01 Octobre 2004 À 17:52

Les études orientées vers les tribus de l'Atlas, qu'elles soient coloniales ou postcoloniales, connaissaient l'importation des modèles d'analyse. Ainsi, le chercheur marocain Ali SIDQI qui vient de nous quitter derniérement a mené son étude sur les œuvres de plusieurs anthropologues et sociologues, notamment E.GELLNER, R. MONTAGNE, J. BERQUE et bien d'autres.
Pour Ali SIDQI, ceux-ci abusent dans leurs généralisations quant à l'émission des jugements sur les populations du Maroc insoumis. Et, ils essaient de projeter donc leurs théories à hue et à die.

L'objet de ses essais est la vérification des résultats des études des chercheurs précités à propos de la théorie de la segmentarité appliquée au Maroc.
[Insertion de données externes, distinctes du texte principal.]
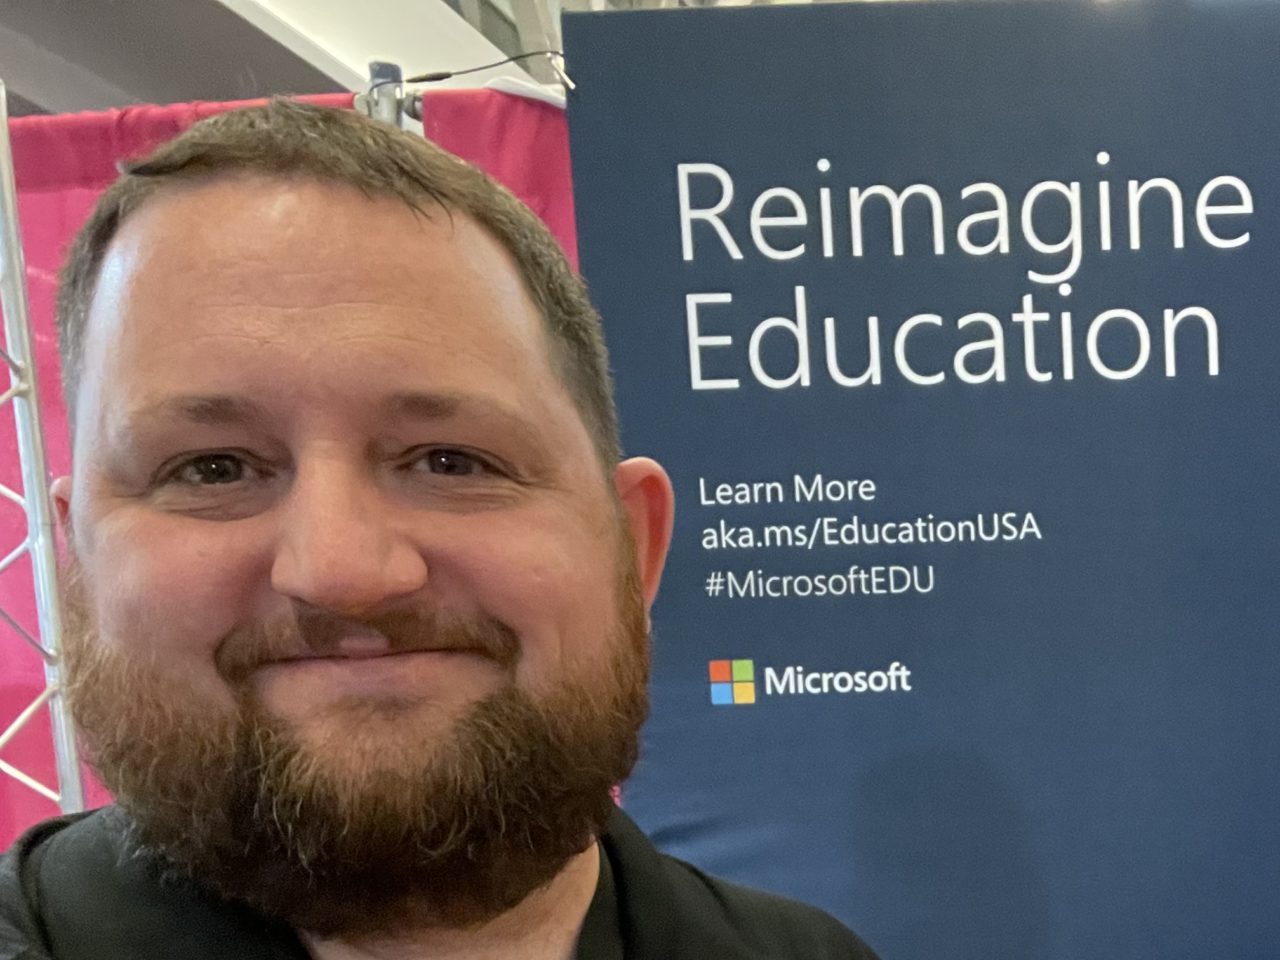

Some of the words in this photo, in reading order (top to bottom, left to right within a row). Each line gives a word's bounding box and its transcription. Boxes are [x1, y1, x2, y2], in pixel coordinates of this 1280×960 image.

[677, 152, 1253, 282] Reimagine
[686, 285, 1219, 390] Education
[700, 478, 783, 505] Learn
[794, 474, 876, 502] More
[702, 512, 1042, 549] aka.ms/EducationUSA
[706, 565, 934, 598] #MicrosoftEDU
[765, 662, 912, 695] Microsoft
Ces études ont pour objectif la recherche des mécanismes qui régissent les sociétés rurales, et de là l'explication de la vie tribale marocaine. Pour cela, l'outil méthodologique auquel les chercheurs anthropologues recourent est la théorie segmentaire en tant que modèle d'analyse.
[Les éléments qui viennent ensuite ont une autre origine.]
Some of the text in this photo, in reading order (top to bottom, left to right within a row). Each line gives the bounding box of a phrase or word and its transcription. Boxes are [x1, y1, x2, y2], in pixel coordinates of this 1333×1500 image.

Plusieurs hypothèses sont avancées par Ali SIDQI. Nous pouvons les résumer comme suit :
1. Le système segmentaire aurait une relation étroite avec l'écriture ;
2. L'encadrement religieux pourrait un moyen de dépassement du système segmentaire ;
3. L'hérédité maraboutique, s'opposant au caractère électif des choix des groupes segmentaires, aurait pour fonction que le dépassement de ce système soit progressif.
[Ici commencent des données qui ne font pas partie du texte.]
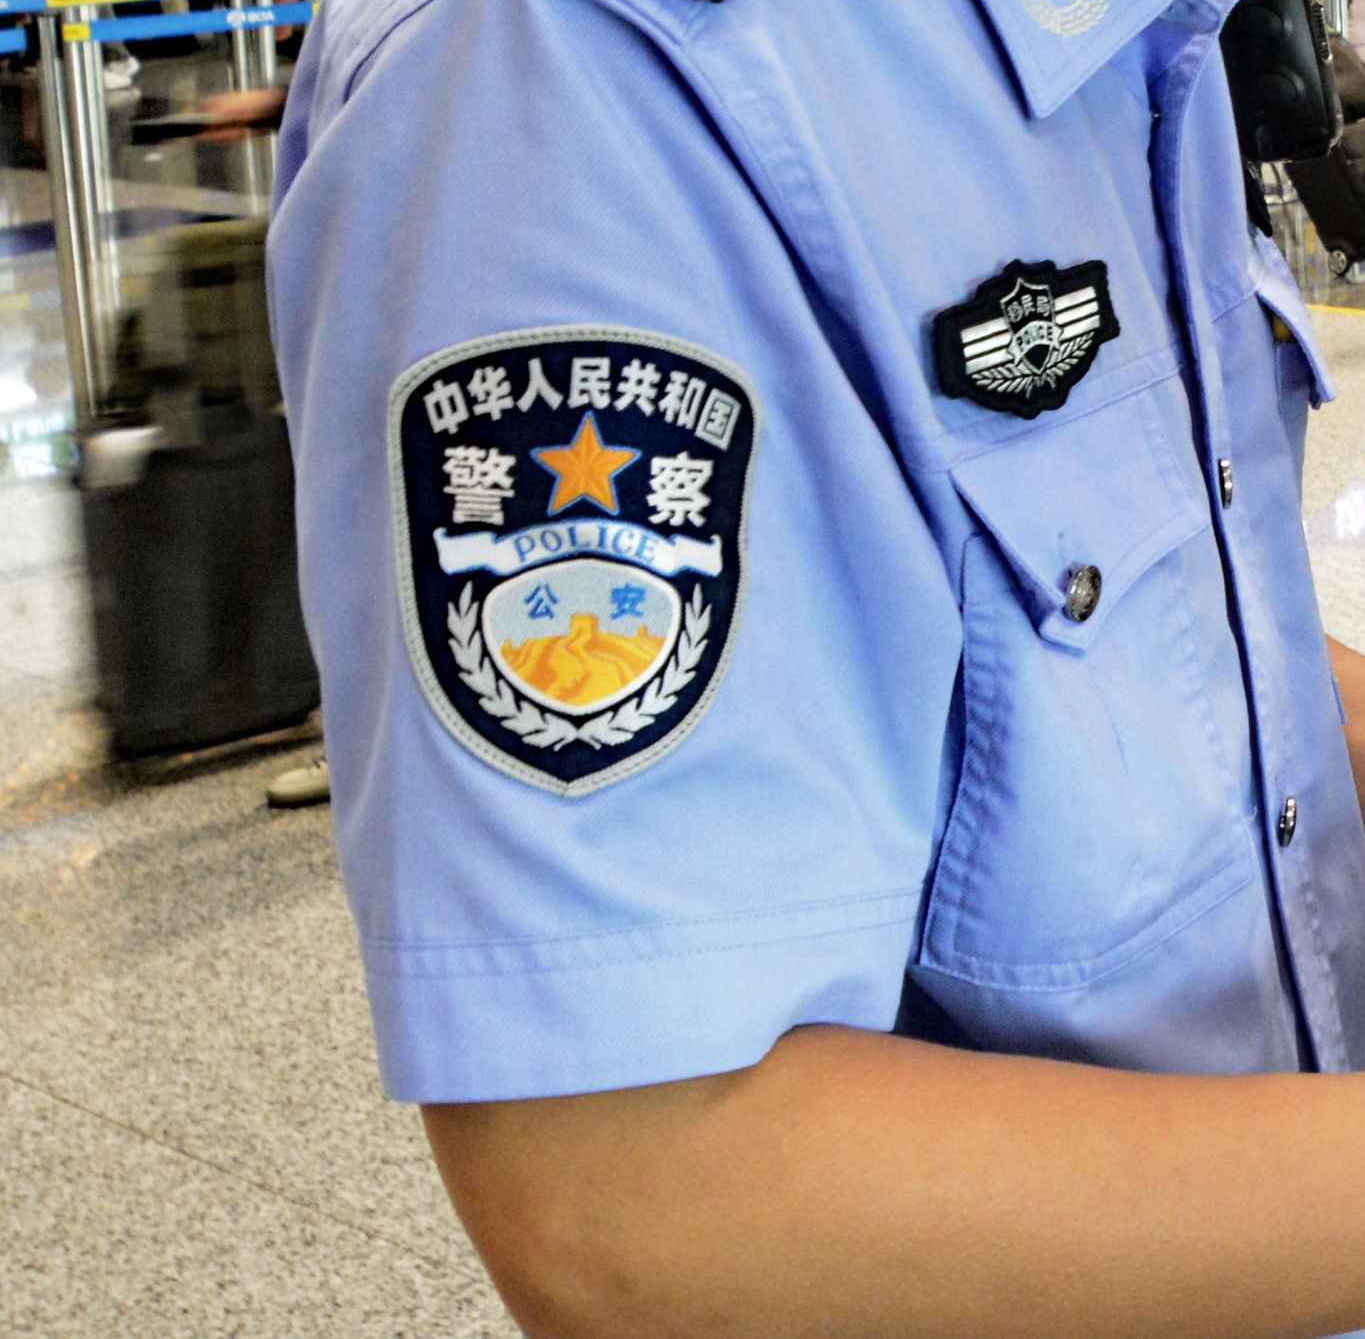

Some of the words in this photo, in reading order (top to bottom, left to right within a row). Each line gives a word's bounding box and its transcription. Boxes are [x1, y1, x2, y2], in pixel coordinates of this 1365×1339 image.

[423, 357, 742, 452] 中华人民共和国
[513, 524, 660, 564] POLICE
Dans une approche descriptive, pragmatique et critique, et pour vérifier ces hypothèses, Ali SIDQI a tenté de redéfinir le concept de « segmentarité » et puis il a apporté dans son étude plusieurs contre exemples à titre de justification de sa réfutation des thèses de E. GELLNER, et c'est là une approche méthodologique satisfaisante
Qu'est ce que la segmentarité ?
Le modèle segmentaire se définit par les cinq principes suivants :
- l'absence, en général, de toute concentration du pouvoir central ;
- l'inexistence totale des institutions politiques spécialisées ;
- une distribution équilibrée du pouvoir entre les différents groupes et à tous les niveaux ;
- la cohésion est maintenue par la permanente peur des dangers extérieurs ;
- la structure se présente sous deux formes : l'une concentrique, l'autre symétrique. La première, représentée par des cercles emboîtés, se manifeste quand on considère l'individu dans ses rapports avec les différents groupes qui l'entourent. La seconde, représentée par un arbre, apparaît quand c'est le groupe tout entier qui est pris en considération.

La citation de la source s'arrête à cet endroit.